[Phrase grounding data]
**********

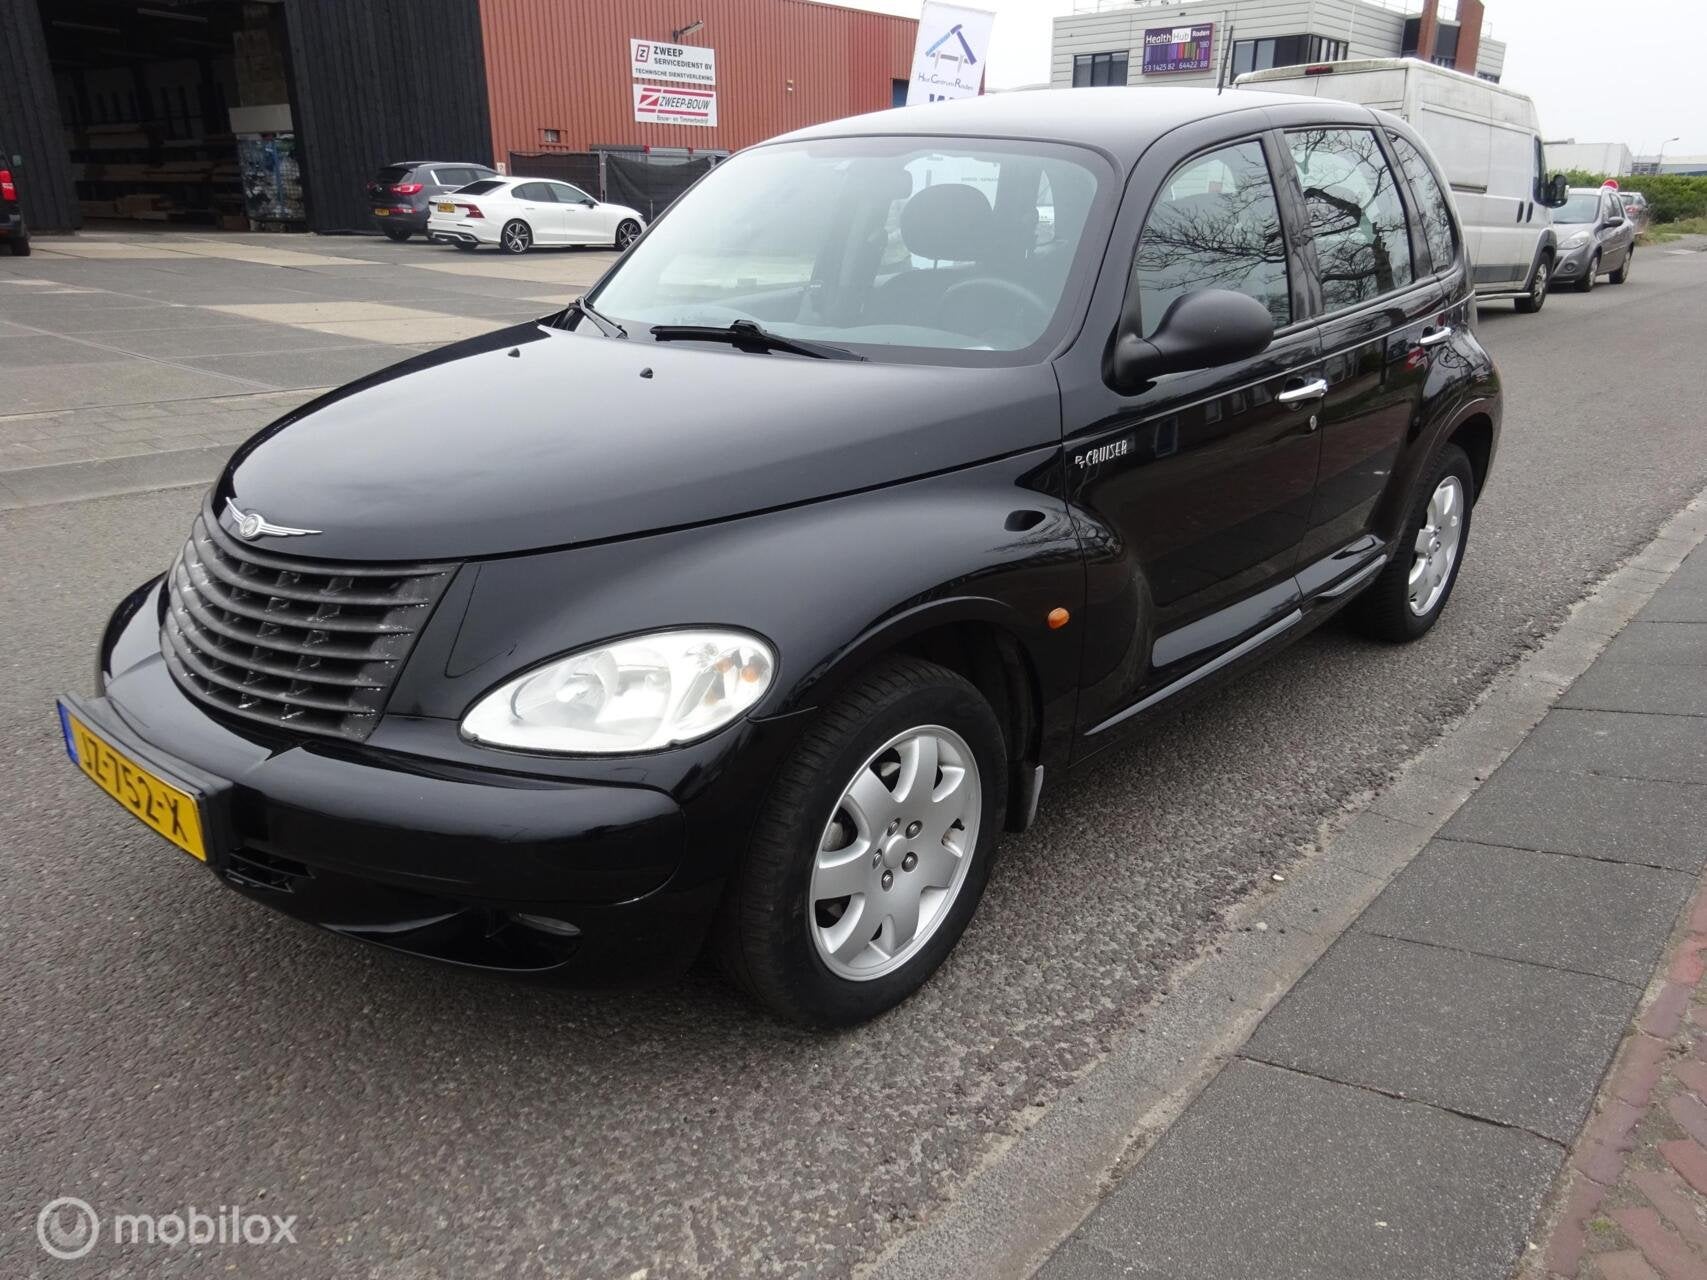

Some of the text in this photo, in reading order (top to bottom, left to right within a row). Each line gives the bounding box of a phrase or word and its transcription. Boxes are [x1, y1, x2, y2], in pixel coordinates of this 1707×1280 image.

[1146, 33, 1172, 44] Health
[1173, 32, 1189, 41] Hub
[653, 46, 683, 57] ZWEEP
[653, 57, 713, 71] SERVICEDIENST BV
[635, 68, 713, 81] TECHNISCHE DIENSTVERLENING
[659, 96, 711, 110] ZWEEP-BOUW
[1085, 439, 1128, 466] CRUISER
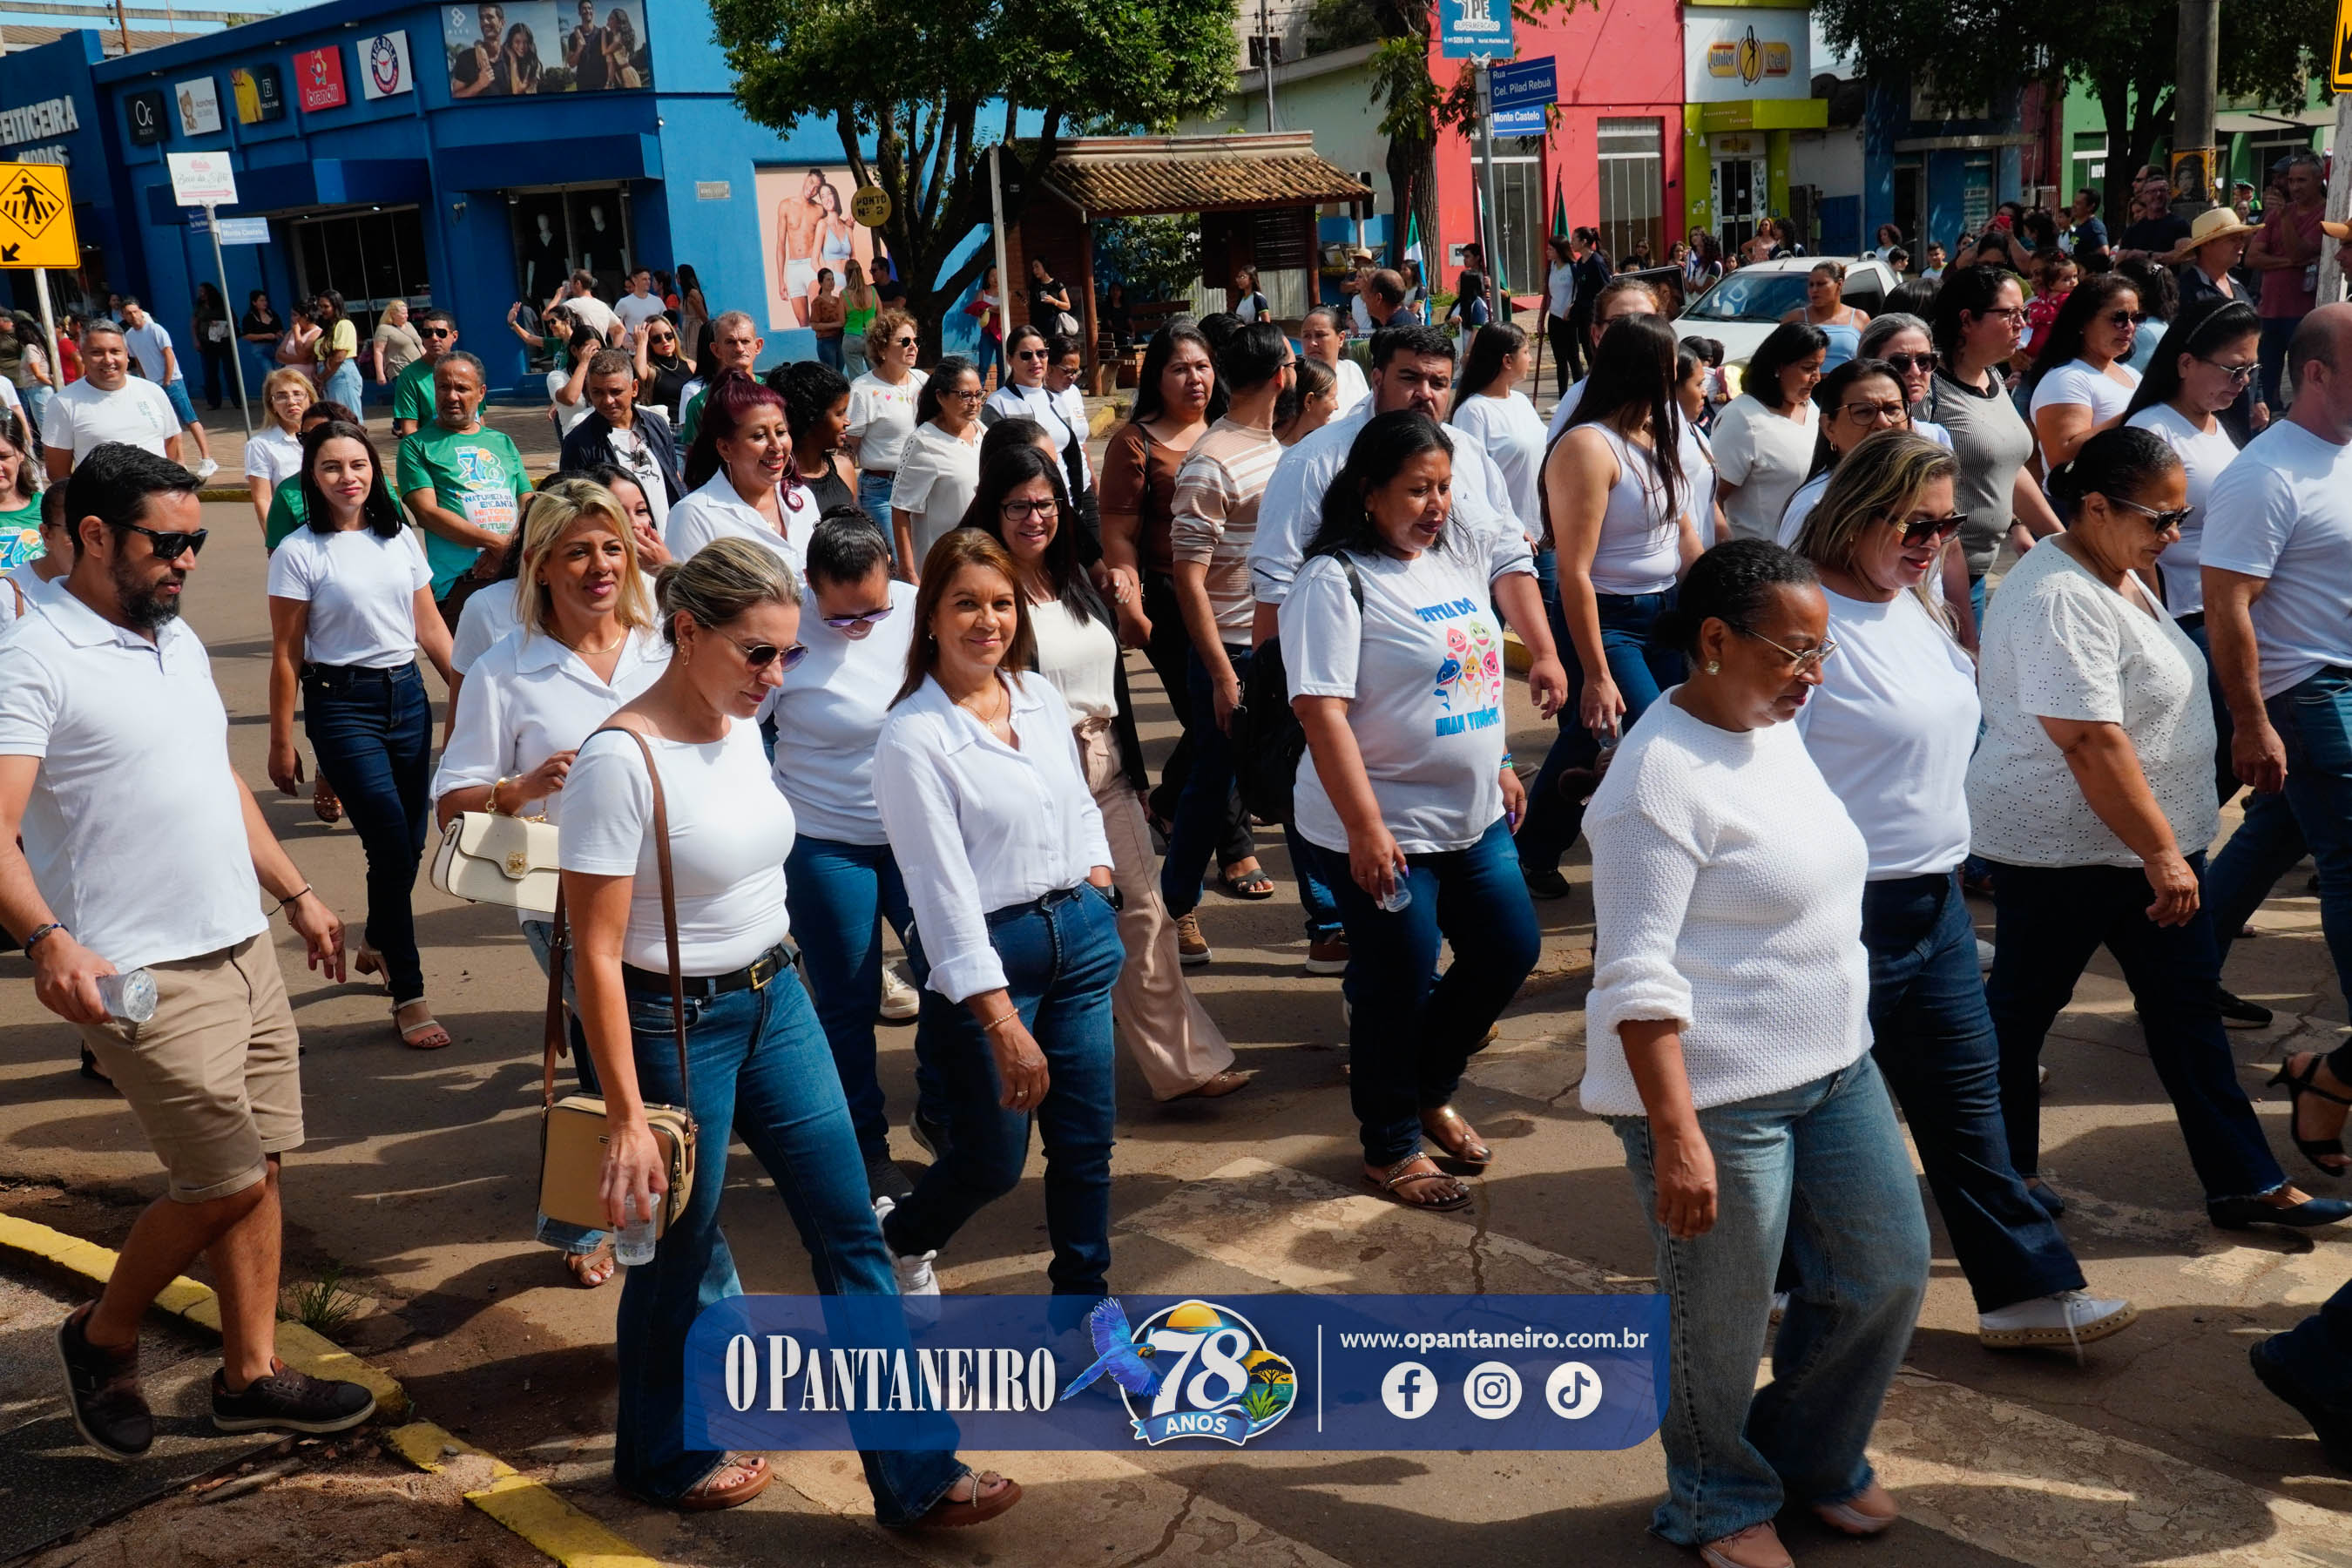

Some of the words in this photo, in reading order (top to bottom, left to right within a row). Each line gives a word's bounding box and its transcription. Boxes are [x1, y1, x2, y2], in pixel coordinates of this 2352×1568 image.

[1708, 52, 1734, 69] Junior
[1768, 52, 1786, 67] Cell
[1492, 71, 1505, 79] Rua
[1494, 85, 1508, 97] Cel.
[1510, 81, 1527, 94] Pilad
[1529, 77, 1551, 91] Rebuá
[1494, 112, 1514, 122] Monte
[1515, 111, 1540, 121] Castelo
[857, 194, 886, 206] PONTO
[876, 206, 883, 215] 2
[1452, 597, 1478, 615] DO

**********

- WHAT IS BEING ASKED -
Transcribe nothing except the lines from the one with "Some of the words" through the end of the data above, each exactly as it appears.

- SOLUTION -
Some of the words in this photo, in reading order (top to bottom, left to right within a row). Each line gives a word's bounding box and its transcription. Boxes are [x1, y1, x2, y2], in pixel coordinates of this 2352×1568 image.

[1708, 52, 1734, 69] Junior
[1768, 52, 1786, 67] Cell
[1492, 71, 1505, 79] Rua
[1494, 85, 1508, 97] Cel.
[1510, 81, 1527, 94] Pilad
[1529, 77, 1551, 91] Rebuá
[1494, 112, 1514, 122] Monte
[1515, 111, 1540, 121] Castelo
[857, 194, 886, 206] PONTO
[876, 206, 883, 215] 2
[1452, 597, 1478, 615] DO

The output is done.